Although this list comes from a new qualitative study on MS-related fatigue (see below) they are not new insights.

As fatigue is a reasonably well-defined problem in MS we should be asking ourselves why haven’t we cracked it and have effective treatments to manage it?

I think we can crack-it but we have to acknowledge that MS fatigue relates to (1) active inflammation and (2) the consequences of the damage that inflammation causes. If we acknowledge this then we are half-way towards treating and preventing MS-related fatigue, i.e. treating MS early (before too much damage occurs) and effectively (NEDA and beyond). 

The following is what we know about MS-related fatigue.

Inflammation in the brain causes fatigue. This is due to inflammatory mediators or cytokines, in particular, interleukin-1 (IL-1) and TNF-alpha, which trigger sickness behaviour. Sickness behaviour is the behavioural response we have to inflammation, which forces us to rest and sleep so that our body can recover. This is what happens to you when you get a viral infection; in fact many of the pwMS I look after describe their fatigue as being similar to the fatigue they experience when they get flu. Sickness behaviour from an evolutionary perspective is well conserved and occurs in most animals. This type of fatigue needs to be managed by switching off ongoing inflammation in the brain. This is why so many pwMS who go onto highly-effective DMTs come back saying ‘I feel so much better, my fatigue and/or brain fog has cleared’. Do you relate to this? This is why recent-onset fatigue that can’t be explained by other factors (see below) may indicate MS disease activity. At present fatigue on its own does not constitute a relapse, but there are some of us who would disagree; particularly if we investigate more deeply we often find subclinical/MRI or biomarker (neurofilament) evidence of relapse in these patients.

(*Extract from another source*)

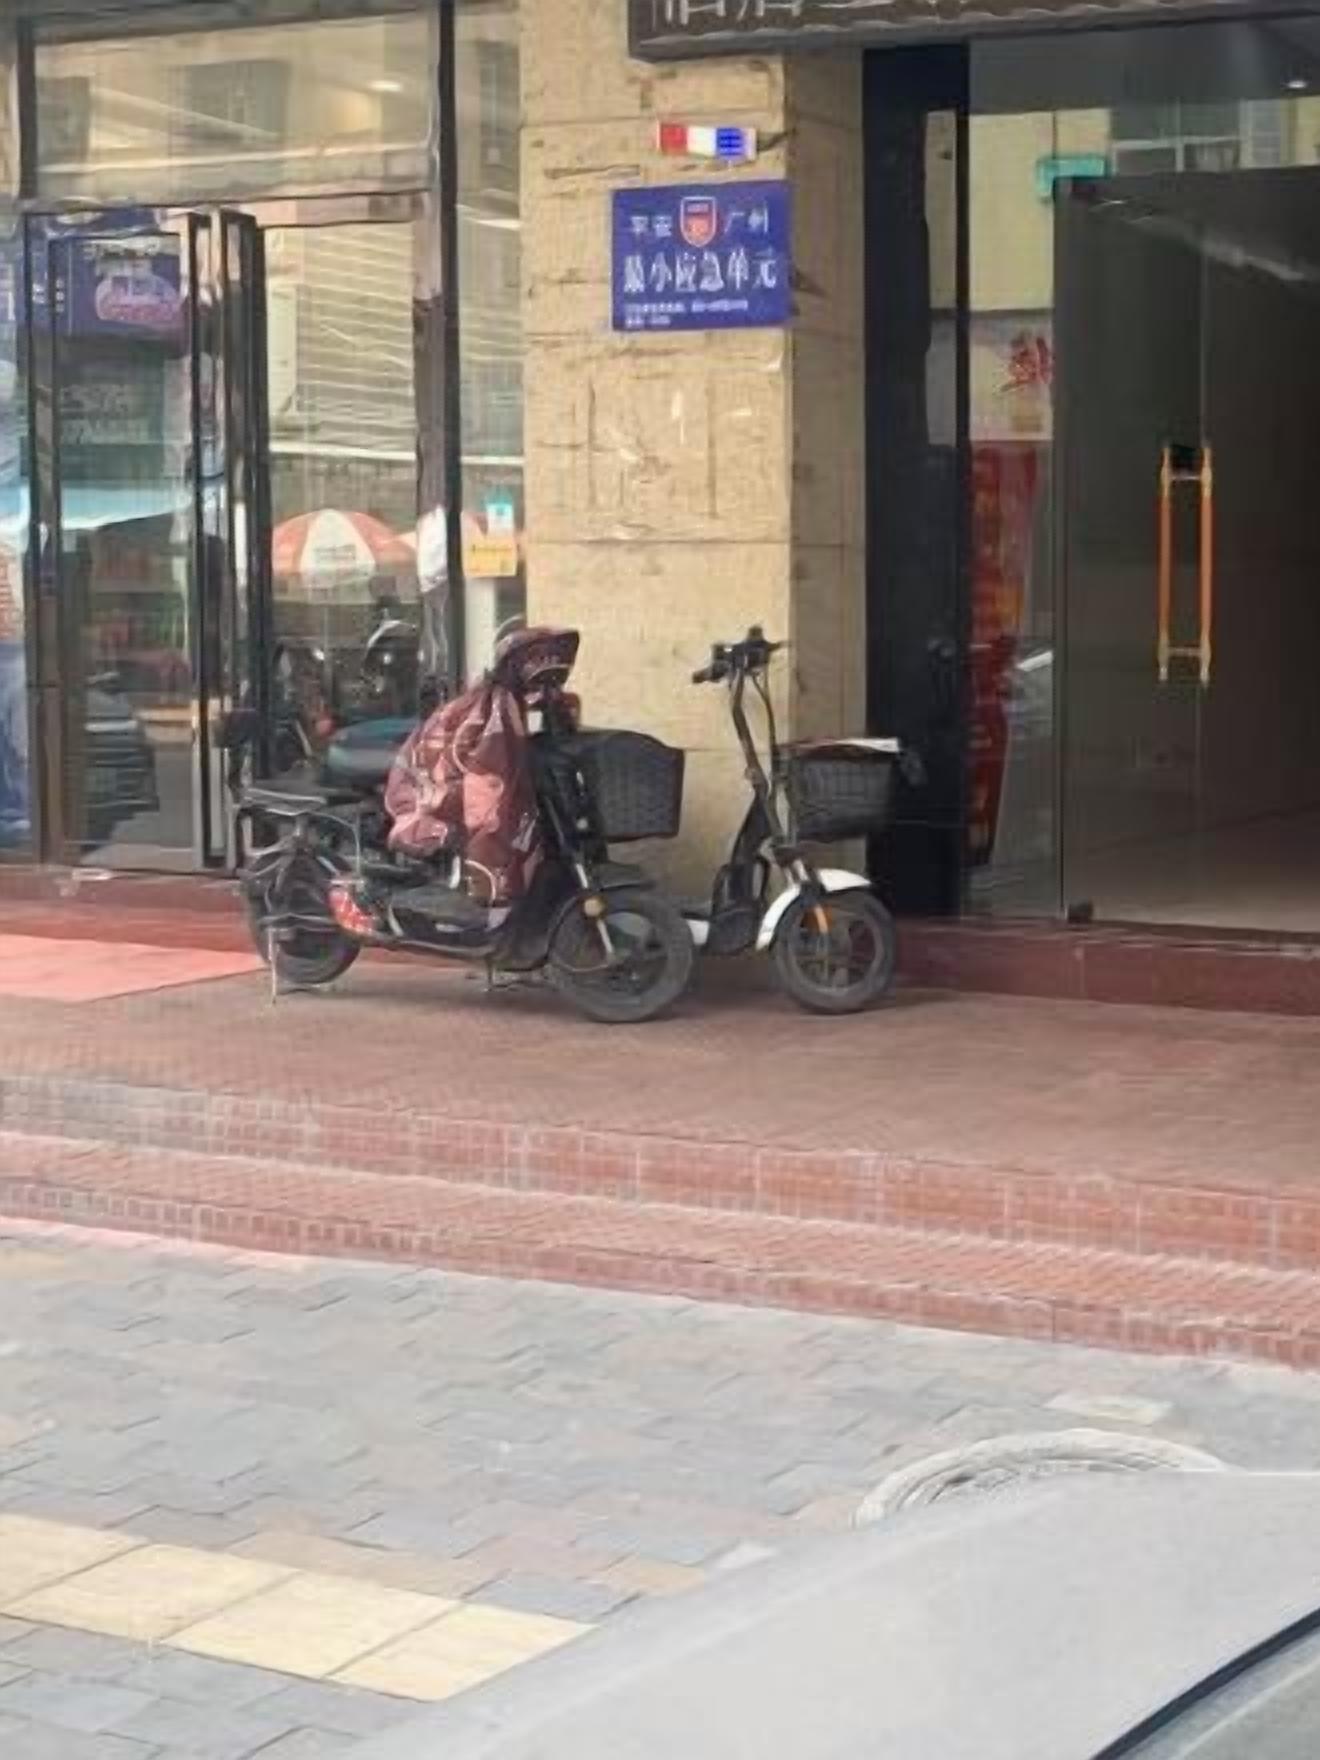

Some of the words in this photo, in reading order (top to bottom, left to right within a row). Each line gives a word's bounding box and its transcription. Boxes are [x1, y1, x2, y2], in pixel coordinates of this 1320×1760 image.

[623, 249, 777, 292] 最小应急单元

Another cause of fatigue is the exercise-related conduction block. This is when pwMS notice their legs getting weaker with exercise. We think this is due to demyelinated, or remyelinated axons, failing to conduct electrical impulses when they become exhausted. Exercise-induced fatigue is probably the same as temperature-related fatigue; a rise in body temperature also causes vulnerable axons to block and stop conducting. To deal with this type of fatigue we need therapies to promote remyelination and to increase conduction. These types of fatigue are treated by rest, cooling and possibly drugs such as fampridine that improve conduction. At the heart of this type of fatigue is localised energy failure.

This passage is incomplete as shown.